Но тут другое дело: изменено название, срезаны марка студии и имена авторов, и вместо них - всегда неизменная надпись: "Этот фильм взят в качестве трофея после разгрома немецко-фашистских…" А трофеи надо использовать в народном хозяйстве. Не совсем наше идейно-художественное содержание? Но не мы же делали, не мы покупали - а с них, с "немецко-фашистских", что взять? Вот и войну они, наверное, проиграли оттого, что делали такие картины. Однако немецких фильмов среди "трофейных" как раз почти и не было. Разве что знаменитая "Девушка моей мечты" с Марикой Рекк. Тут прокатчики полагались на дремучее незнание зрителем зарубежного кино. В прокат шли фильмы французские, английские, но на 90 %, конечно - американские. И какие!
Сейчас мы, возможно, назвали бы большинство из них средними поделками с приключениями и погонями - но тогда мы и о таких картинах мечтать не могли. Взять хотя бы "Тарзана" в четырех сериях, которым бредила вся страна!

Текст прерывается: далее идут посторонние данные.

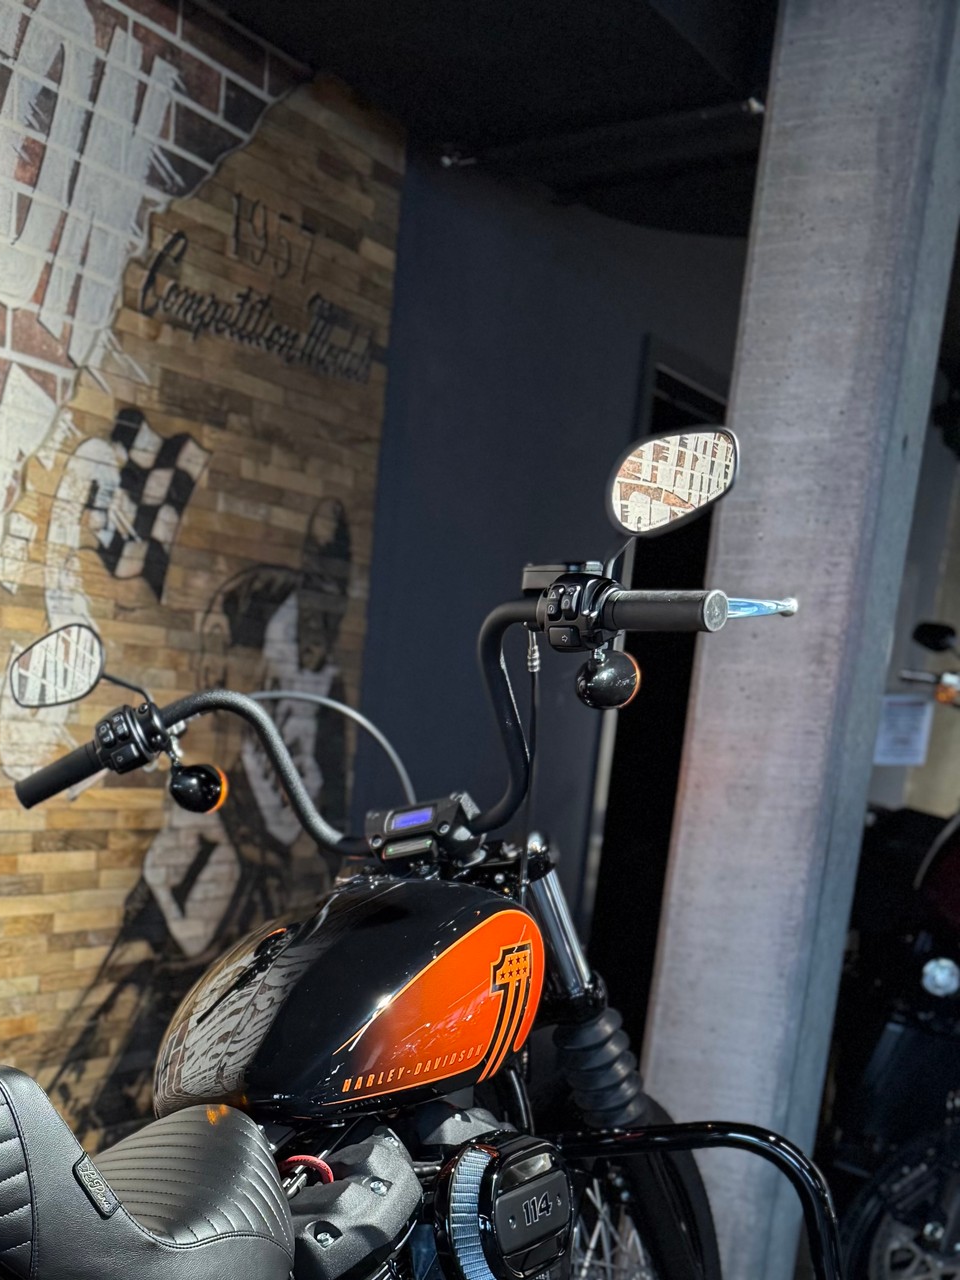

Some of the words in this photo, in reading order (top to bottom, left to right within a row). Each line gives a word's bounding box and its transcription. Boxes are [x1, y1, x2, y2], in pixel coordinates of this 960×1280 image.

[140, 227, 299, 362] Competition
[342, 1043, 484, 1093] HARLEY-DAVIDSON
[522, 1191, 553, 1227] 114

А "Багдадский вор" и "Джунгли", а веселые комедии "Петер" и "Маленькая мама"? И "Серенада солнечной долины". Народ начал снова штурмовать кинотеатры.
Но были и другие картины, которые мы, может, тогда не сразу оценили, как следовало бы, - однако нам повезло их увидеть, а увиденное настоящее не уходит без следа. Я тогда не мог понять почему - но эти фильмы глубже всяких комедий и вестернов оседали в моем мальчишеском подсознании и сильнее не отпускали.
А это были "Мост Ватерлоо" и "Леди Гамильтон" с актрисой, имя которой я узнал позже, - Вивьен Ли. Позже я узнал и что "Судьба солдата в Америке" - это "Бурные двадцатые", хит, как бы теперь сказали, 1939 года с Джеймсом Кегни в звездной его роли. А "Дилижанс" - одна из лучших работ режиссера Д. Форда с подлинным названием "Путешествие будет опасным".
"Большой вальс", "Гибралтар", "Тупик" У. Уайлера, "Газовый свет" Д. Кьюкора с Ингрид Бергман, "Дама с камелиями" с Гретой Гарбо…
Нарушив все авторские права (как могут быть трофеями фильмы союзников?), Кинопрокат искупил свою вину уже тем, что впервые страна прикоснулась к невиданному ранее мировому кино. И вместе с ней - я.
Я бросил бороться с литературой и начал состязаться с кинематографом. Впечатление от такого кино было столь велико, что побуждало к немедленному самовыражению. Я начал писать сценарии.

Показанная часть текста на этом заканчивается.